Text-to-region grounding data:
__________________________________________________

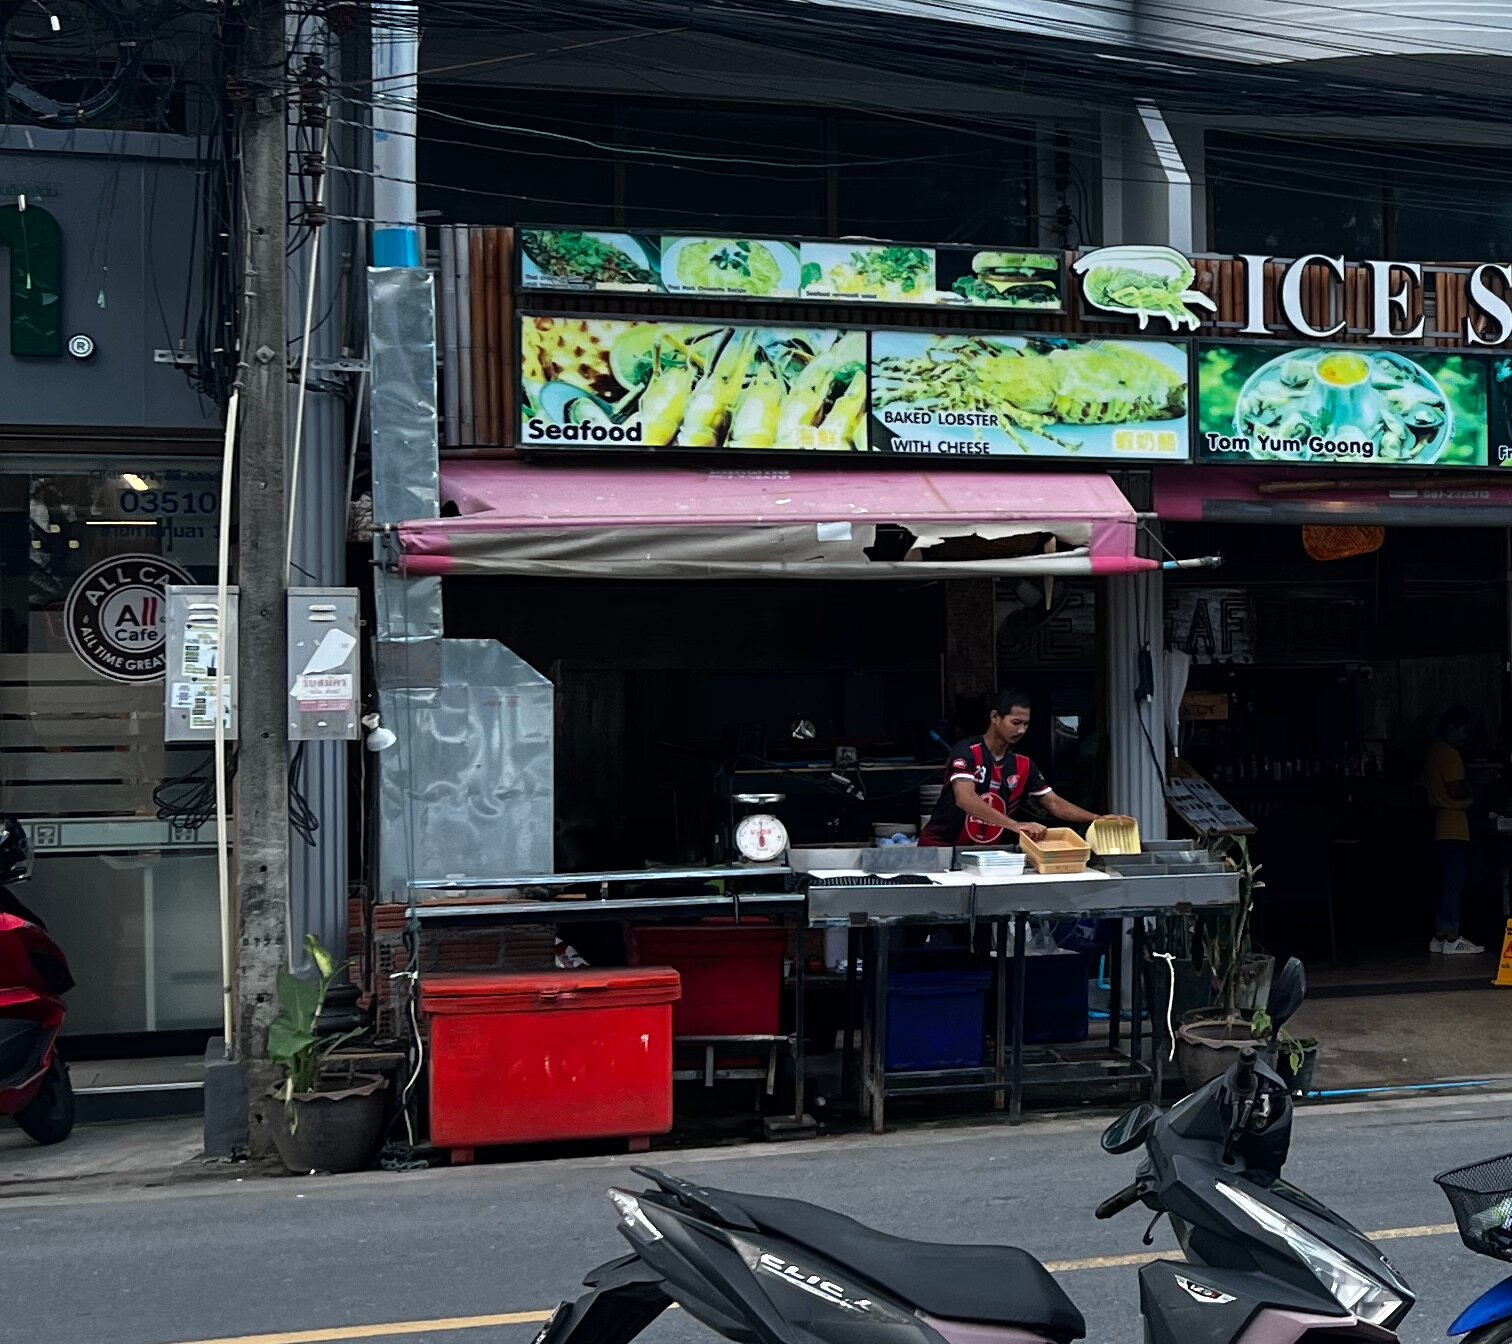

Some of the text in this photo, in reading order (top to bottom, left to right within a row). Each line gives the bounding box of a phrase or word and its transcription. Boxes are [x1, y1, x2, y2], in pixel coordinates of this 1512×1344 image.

[1238, 254, 1426, 340] ICE
[528, 419, 642, 442] Seafood
[884, 411, 999, 427] BAKED LOBSTER
[891, 437, 991, 455] WITH CHEESE
[1207, 432, 1374, 458] Tom Yum Goong
[120, 491, 217, 514] 03510
[85, 567, 132, 606] ALL
[115, 597, 157, 627] All
[94, 645, 124, 669] TIME
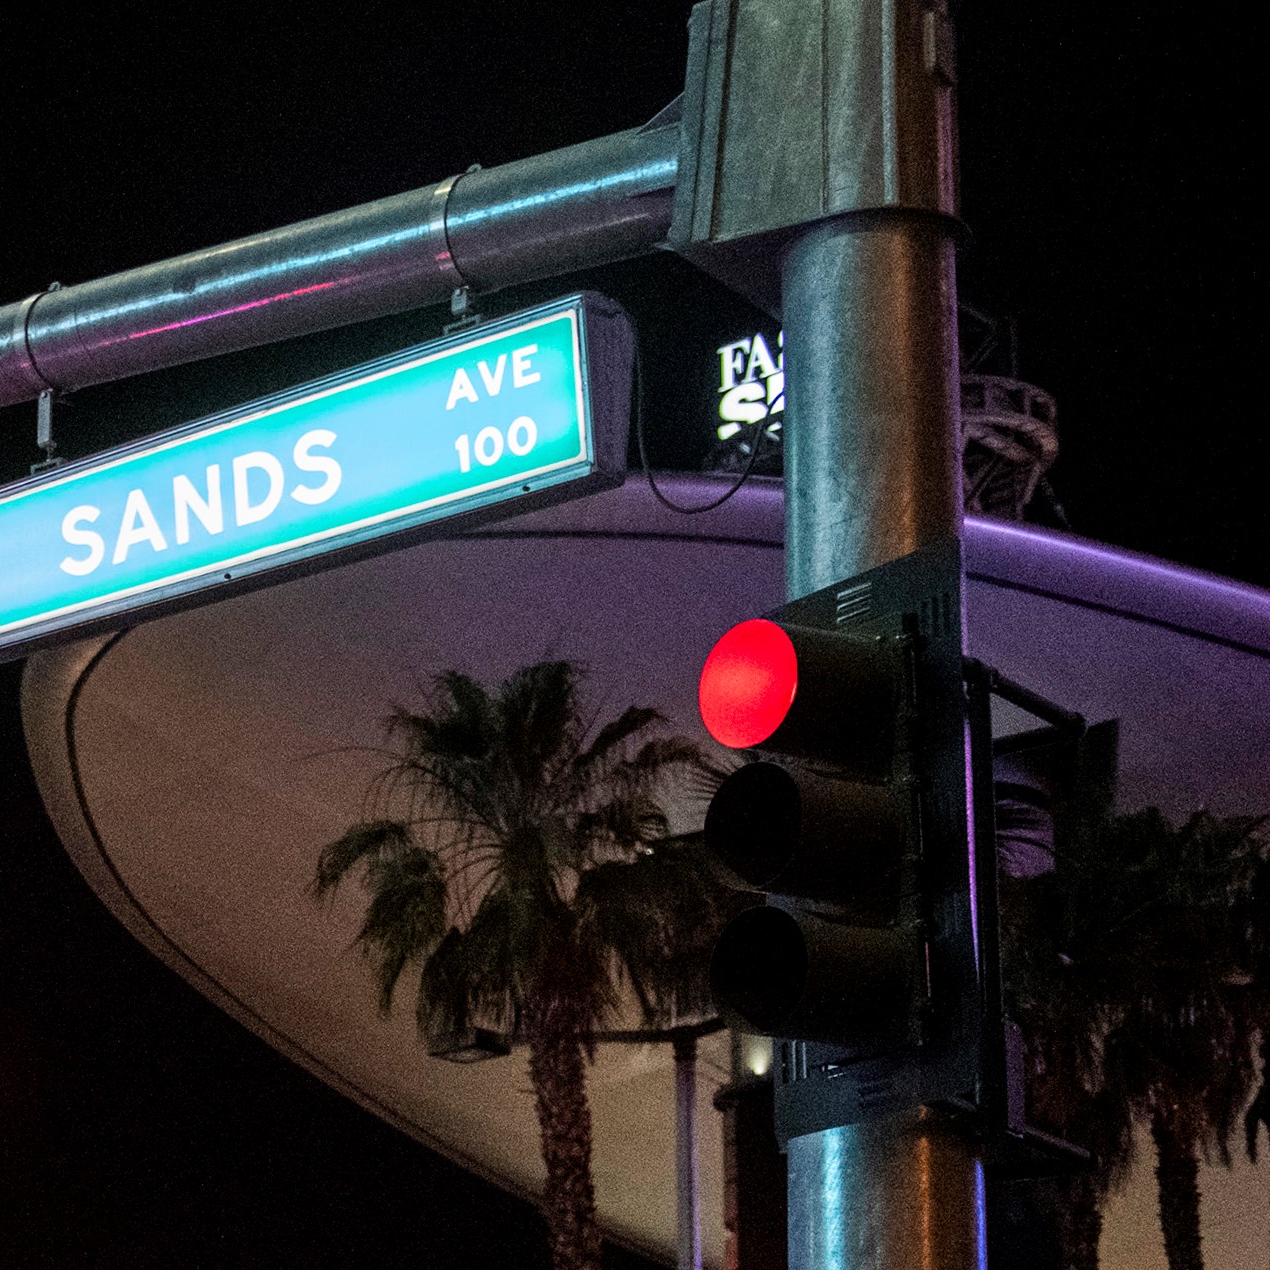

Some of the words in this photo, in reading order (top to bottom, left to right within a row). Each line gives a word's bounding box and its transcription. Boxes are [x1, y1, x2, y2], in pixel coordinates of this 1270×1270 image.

__________________________________________________

**Task goal:**
The answer is every line of the data, exactly as written, with the pictures dropped.

**Response below:**
Some of the text in this photo, in reading order (top to bottom, left to right within a row). Each line gives the bounding box of a phrase or word and its transcription. Boxes are [x1, y1, x2, y2], in pixel coordinates of this 1512×1344 image.

[1238, 254, 1426, 340] ICE
[528, 419, 642, 442] Seafood
[884, 411, 999, 427] BAKED LOBSTER
[891, 437, 991, 455] WITH CHEESE
[1207, 432, 1374, 458] Tom Yum Goong
[120, 491, 217, 514] 03510
[85, 567, 132, 606] ALL
[115, 597, 157, 627] All
[94, 645, 124, 669] TIME

Some of the words in this photo, in reading order (top to bottom, left to right within a row). Each line gives a word's bounding box and its transcription. Boxes are [x1, y1, x2, y2], in pixel coordinates of this 1270×1270 image.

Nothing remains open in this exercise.